Can I find a part-time job?
If you have a student visa, you will be allowed to work for up to 20 hours a week. Universities also provide oncampus jobs, say, in the library or cafeteria. In the US, the average salary is $8 (Rs 352) per hour for such jobs; in the UK, it is £5 (Rs 340).

Where can I get an education loan?
Though most public sector banks provide education loans, only a few do so for foreign studies. The interest rate varies from 9.5-14 per cent. Also, not all courses are eligible for a loan. So Syndicate Bank provides loans only for degree courses, not diplomas. If the loan is above Rs 4 lakh, you will have to provide a collateral or third-party guarantee. You can use life insurance policies, bonds, property papers, even National Savings Certificates, as collateral.

What if I have to extend my studies by a few months?
Though all education loans come with a moratorium, you can also avail of an extension. So while Punjab National Bank extends the period by two years if you are unable to complete the course on time, Allahabad Bank offers a second loan to cover the extra costs if the course is extended or costs escalate. Even if you can't repay the EMI, try to pay the interest as some banks give a concession of 1 per cent if you start repaying interest during the course.
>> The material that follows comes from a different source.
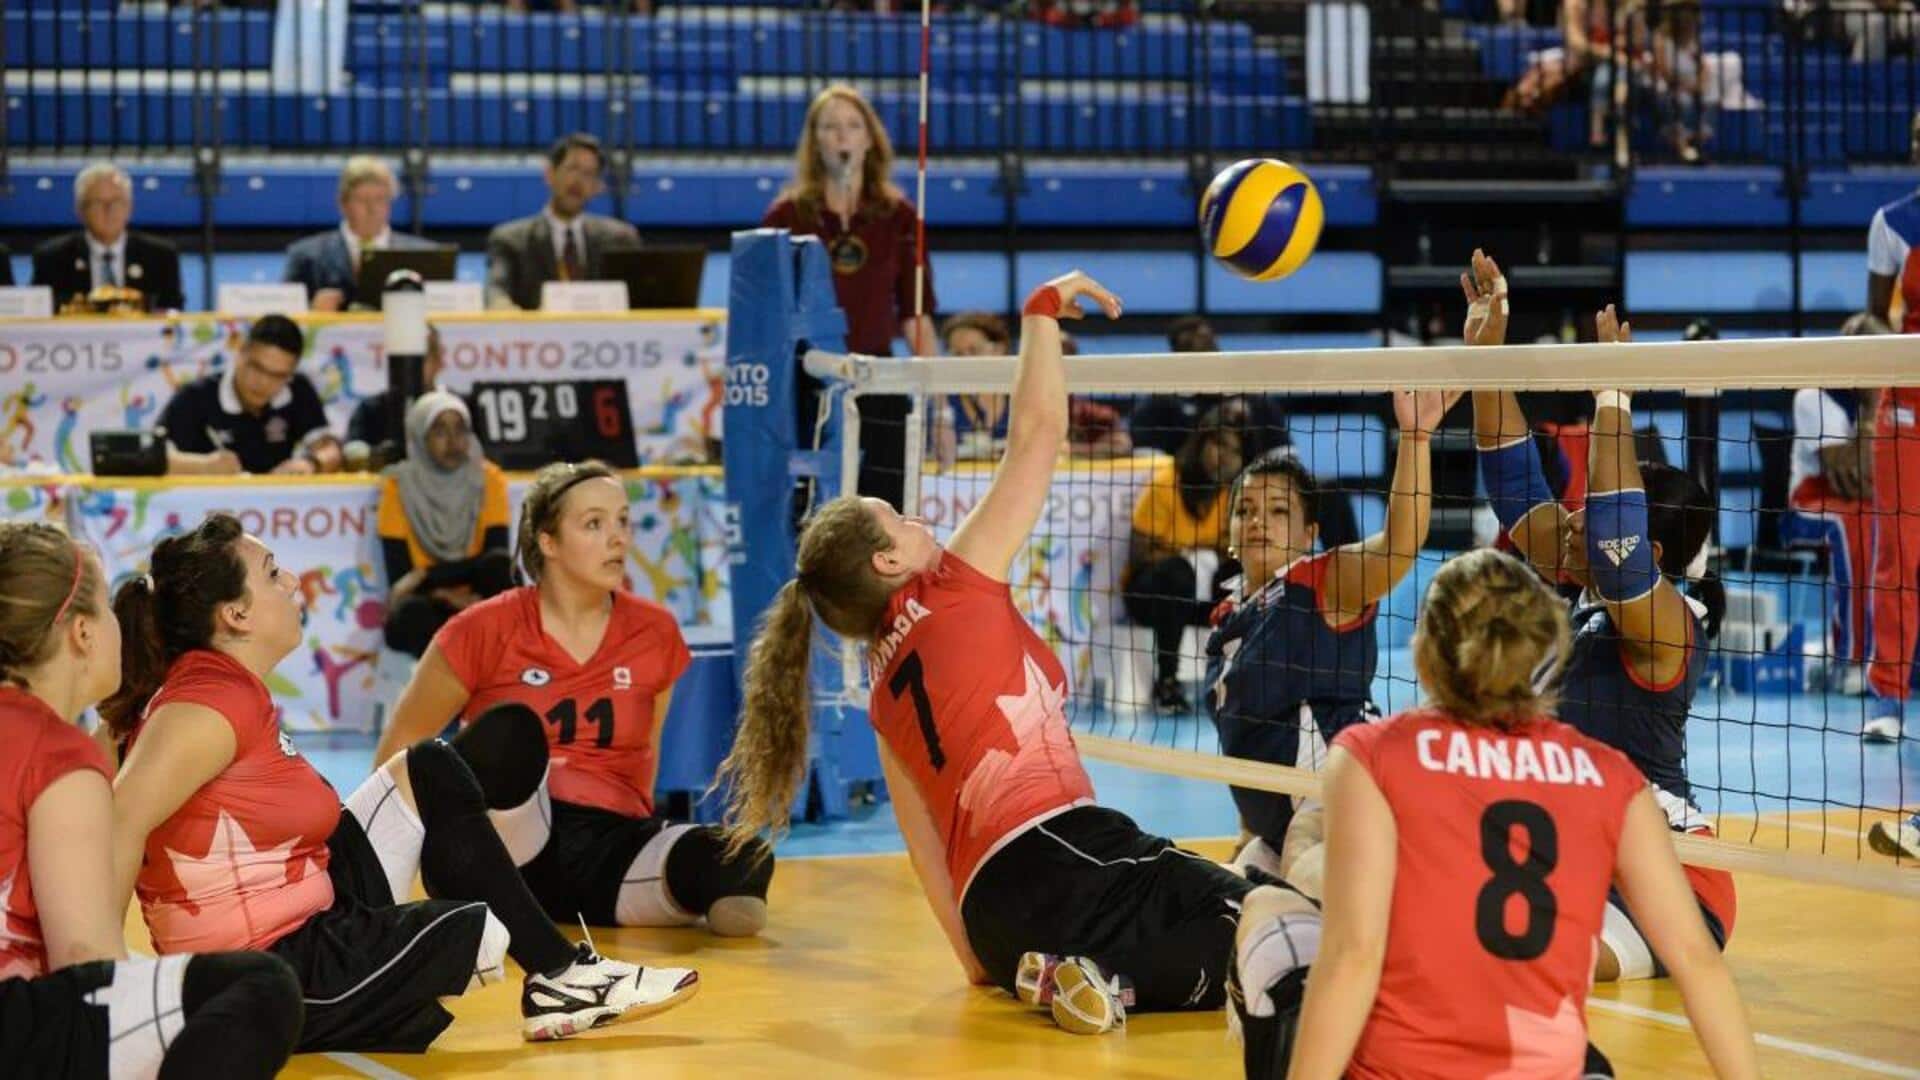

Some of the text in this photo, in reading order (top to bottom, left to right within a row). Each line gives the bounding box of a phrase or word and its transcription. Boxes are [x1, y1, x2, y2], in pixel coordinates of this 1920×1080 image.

How about colleges in India that offer degrees from foreign institutes?
Before joining such a college, make sure that both institutes have a sound reputation and award a recognised degree. Also, ensure there is an exchange programme, under which you get a chance to study overseas for about six months. But be careful as your tuition fee will not cover the cost of the programme and you will have to pay extra for it.

Education loan

  • Maximum amount: Rs 20 lakh.
  • Expenses covered: Air fare, all fees, purchase of books and equipment, such as a laptop.
  • Tenure: 5-7 years.
  • Repayment: One year after completing the course or six months after acquiring a job.
  • Security: None up to Rs 4 lakh, third-party guarantee for loans from Rs 4-7.5 lakh and tangible collateral for above Rs 7 lakh.
  • Tax concession: Rebate under Section 80E for the entire interest amount.
  • Documentation: Proof of admission, schedule of course expenses, income-tax assessment for the past two years and proof of income of co-borrower.